TASK OBJECTIVE: Omit the images, then output each of the records below exactly.

TASK DATA:
>>>
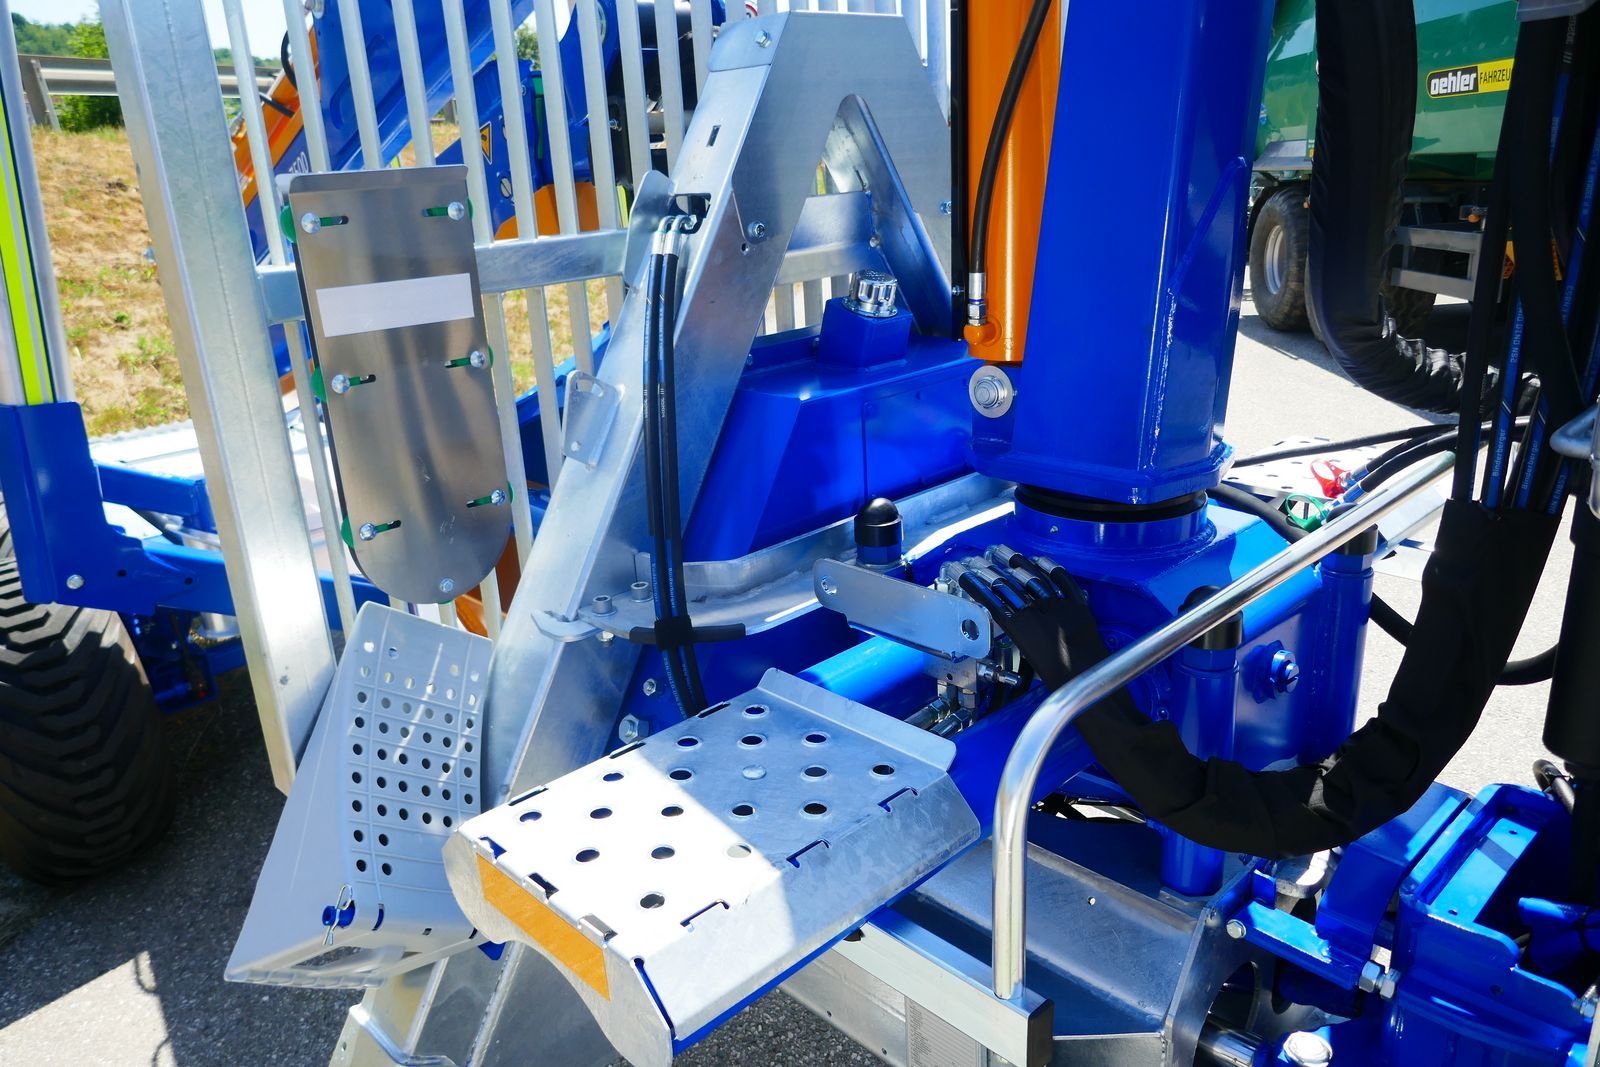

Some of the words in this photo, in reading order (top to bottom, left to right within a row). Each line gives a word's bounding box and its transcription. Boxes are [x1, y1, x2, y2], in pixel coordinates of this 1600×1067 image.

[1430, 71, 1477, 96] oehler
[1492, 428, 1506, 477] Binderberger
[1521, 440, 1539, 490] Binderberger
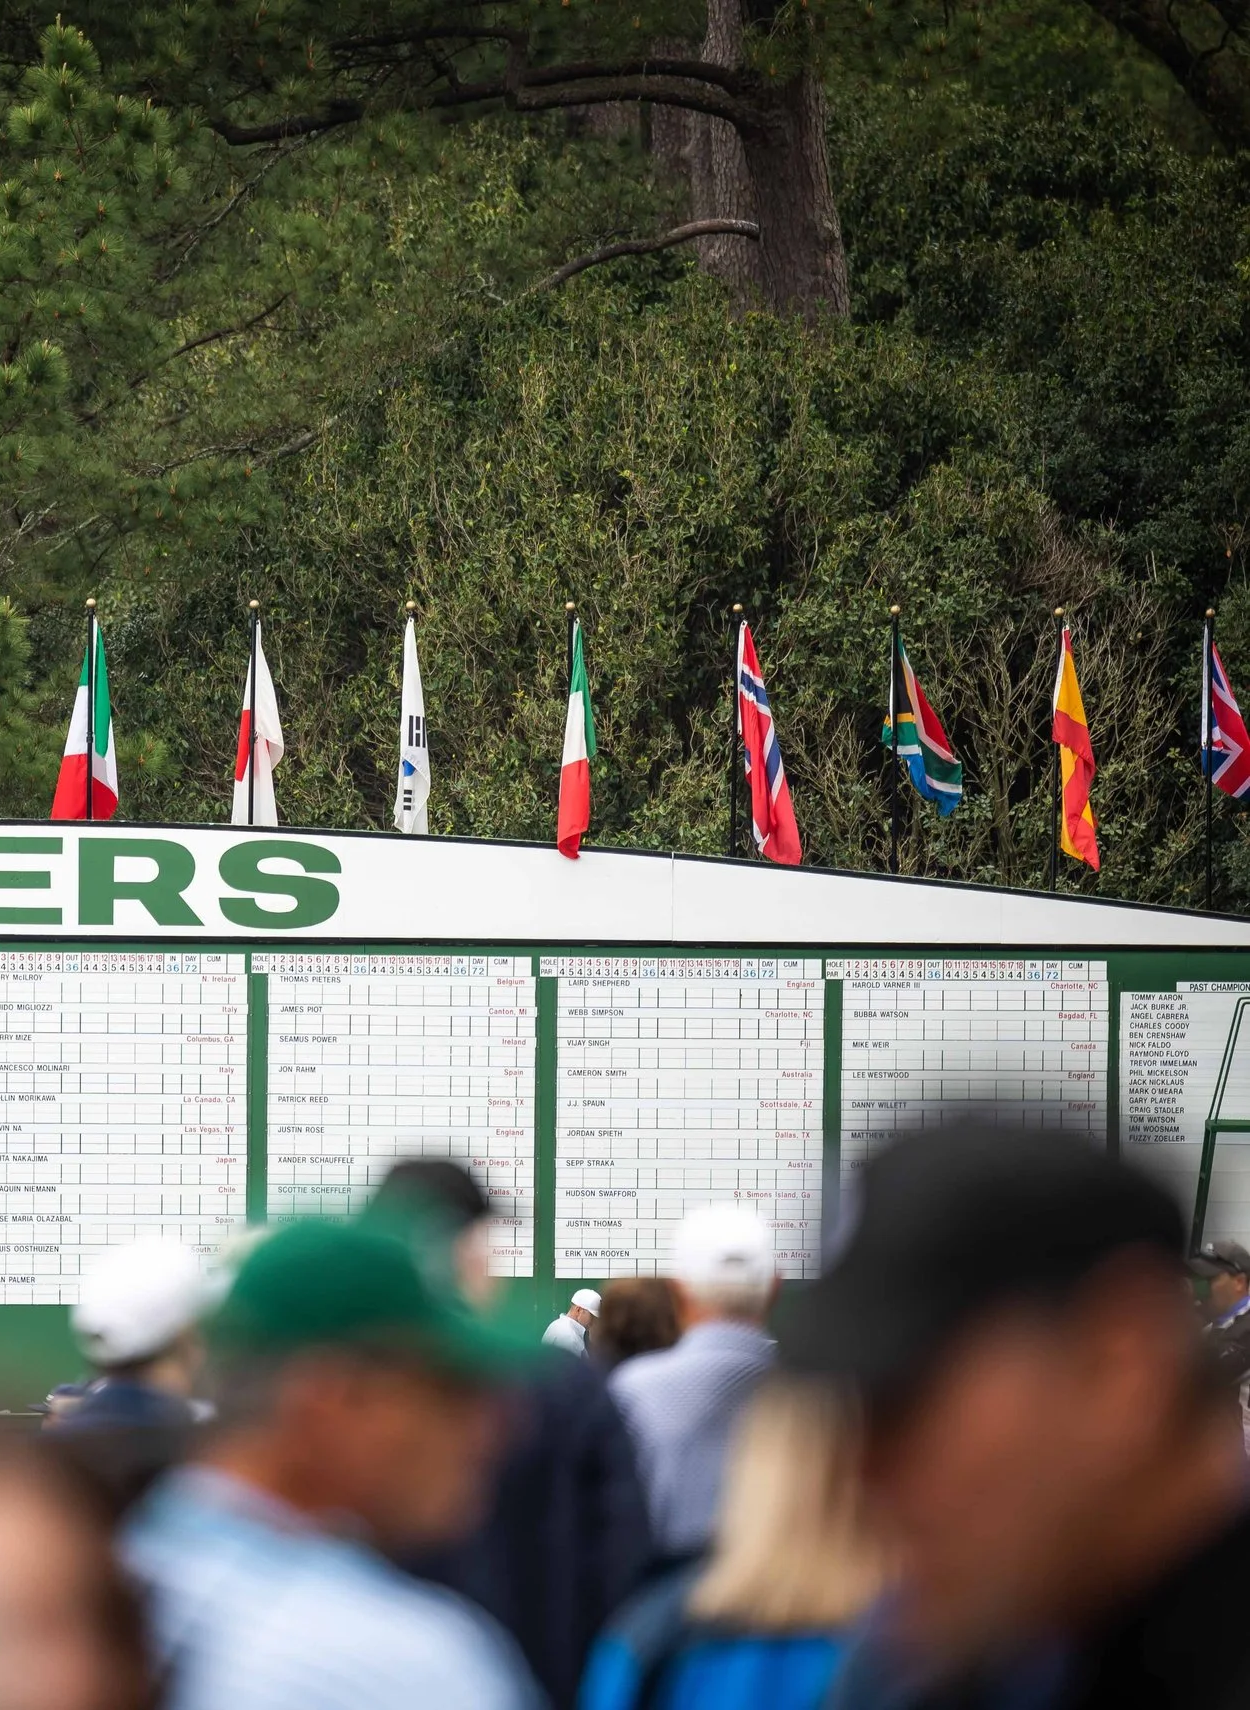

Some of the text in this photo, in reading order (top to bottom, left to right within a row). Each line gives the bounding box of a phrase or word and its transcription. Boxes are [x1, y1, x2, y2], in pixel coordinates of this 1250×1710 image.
<<<
EXERCISE ANSWER:
Some of the words in this photo, in reading order (top to bottom, left to right within a row). Each line gives a word's bounding box and its transcription. Boxes are [x1, y1, x2, y2], in pixel coordinates of this 1600×1067 image.

[1430, 71, 1477, 96] oehler
[1492, 428, 1506, 477] Binderberger
[1521, 440, 1539, 490] Binderberger

Some of the text in this photo, in reading order (top to bottom, left to right within a row). Each line gives the bounding box of a phrase or word and its transcription. Boxes are [x1, y1, x2, y2], in pixel coordinates of this 1250×1710 image.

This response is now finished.